Dataset excerpts:
----------
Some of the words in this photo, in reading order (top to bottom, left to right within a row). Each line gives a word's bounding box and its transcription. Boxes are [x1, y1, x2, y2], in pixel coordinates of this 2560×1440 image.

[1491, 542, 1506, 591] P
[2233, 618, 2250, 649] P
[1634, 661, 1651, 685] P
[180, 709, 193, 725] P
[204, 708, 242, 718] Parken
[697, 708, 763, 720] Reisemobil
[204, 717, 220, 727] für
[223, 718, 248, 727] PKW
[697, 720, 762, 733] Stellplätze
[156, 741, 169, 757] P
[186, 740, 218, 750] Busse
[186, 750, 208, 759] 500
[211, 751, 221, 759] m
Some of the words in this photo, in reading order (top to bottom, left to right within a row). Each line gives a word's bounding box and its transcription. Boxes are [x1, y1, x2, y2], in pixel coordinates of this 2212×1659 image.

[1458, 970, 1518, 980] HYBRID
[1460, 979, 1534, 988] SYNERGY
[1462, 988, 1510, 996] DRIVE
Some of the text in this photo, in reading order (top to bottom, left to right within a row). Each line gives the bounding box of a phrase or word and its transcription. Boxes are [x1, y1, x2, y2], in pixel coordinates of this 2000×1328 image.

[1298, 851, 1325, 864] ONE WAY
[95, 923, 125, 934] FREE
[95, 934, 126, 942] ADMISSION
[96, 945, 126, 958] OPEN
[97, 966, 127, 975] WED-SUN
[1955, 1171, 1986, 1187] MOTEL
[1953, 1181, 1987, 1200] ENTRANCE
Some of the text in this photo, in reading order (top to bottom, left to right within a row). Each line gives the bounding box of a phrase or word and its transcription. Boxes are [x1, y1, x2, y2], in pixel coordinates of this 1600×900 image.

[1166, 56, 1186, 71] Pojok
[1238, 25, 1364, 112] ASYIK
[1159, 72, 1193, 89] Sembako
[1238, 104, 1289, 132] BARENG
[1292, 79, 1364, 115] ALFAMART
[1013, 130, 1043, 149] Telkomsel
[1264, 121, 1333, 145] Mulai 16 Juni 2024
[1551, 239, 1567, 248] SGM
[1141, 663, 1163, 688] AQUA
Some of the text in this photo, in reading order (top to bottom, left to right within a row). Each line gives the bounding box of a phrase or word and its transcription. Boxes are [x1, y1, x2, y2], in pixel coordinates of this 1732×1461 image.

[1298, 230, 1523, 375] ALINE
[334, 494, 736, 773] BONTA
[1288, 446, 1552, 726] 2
----------
Work order: Your answer is to contain exactly the lines from the one holding "this 2000×1328 image." to the end of the entries, with no other line.

Solution to the exercise:
Some of the text in this photo, in reading order (top to bottom, left to right within a row). Each line gives the bounding box of a phrase or word and its transcription. Boxes are [x1, y1, x2, y2], in pixel coordinates of this 2000×1328 image.

[1298, 851, 1325, 864] ONE WAY
[95, 923, 125, 934] FREE
[95, 934, 126, 942] ADMISSION
[96, 945, 126, 958] OPEN
[97, 966, 127, 975] WED-SUN
[1955, 1171, 1986, 1187] MOTEL
[1953, 1181, 1987, 1200] ENTRANCE
Some of the text in this photo, in reading order (top to bottom, left to right within a row). Each line gives the bounding box of a phrase or word and its transcription. Boxes are [x1, y1, x2, y2], in pixel coordinates of this 1600×900 image.

[1166, 56, 1186, 71] Pojok
[1238, 25, 1364, 112] ASYIK
[1159, 72, 1193, 89] Sembako
[1238, 104, 1289, 132] BARENG
[1292, 79, 1364, 115] ALFAMART
[1013, 130, 1043, 149] Telkomsel
[1264, 121, 1333, 145] Mulai 16 Juni 2024
[1551, 239, 1567, 248] SGM
[1141, 663, 1163, 688] AQUA
Some of the text in this photo, in reading order (top to bottom, left to right within a row). Each line gives the bounding box of a phrase or word and its transcription. Boxes are [x1, y1, x2, y2], in pixel coordinates of this 1732×1461 image.

[1298, 230, 1523, 375] ALINE
[334, 494, 736, 773] BONTA
[1288, 446, 1552, 726] 2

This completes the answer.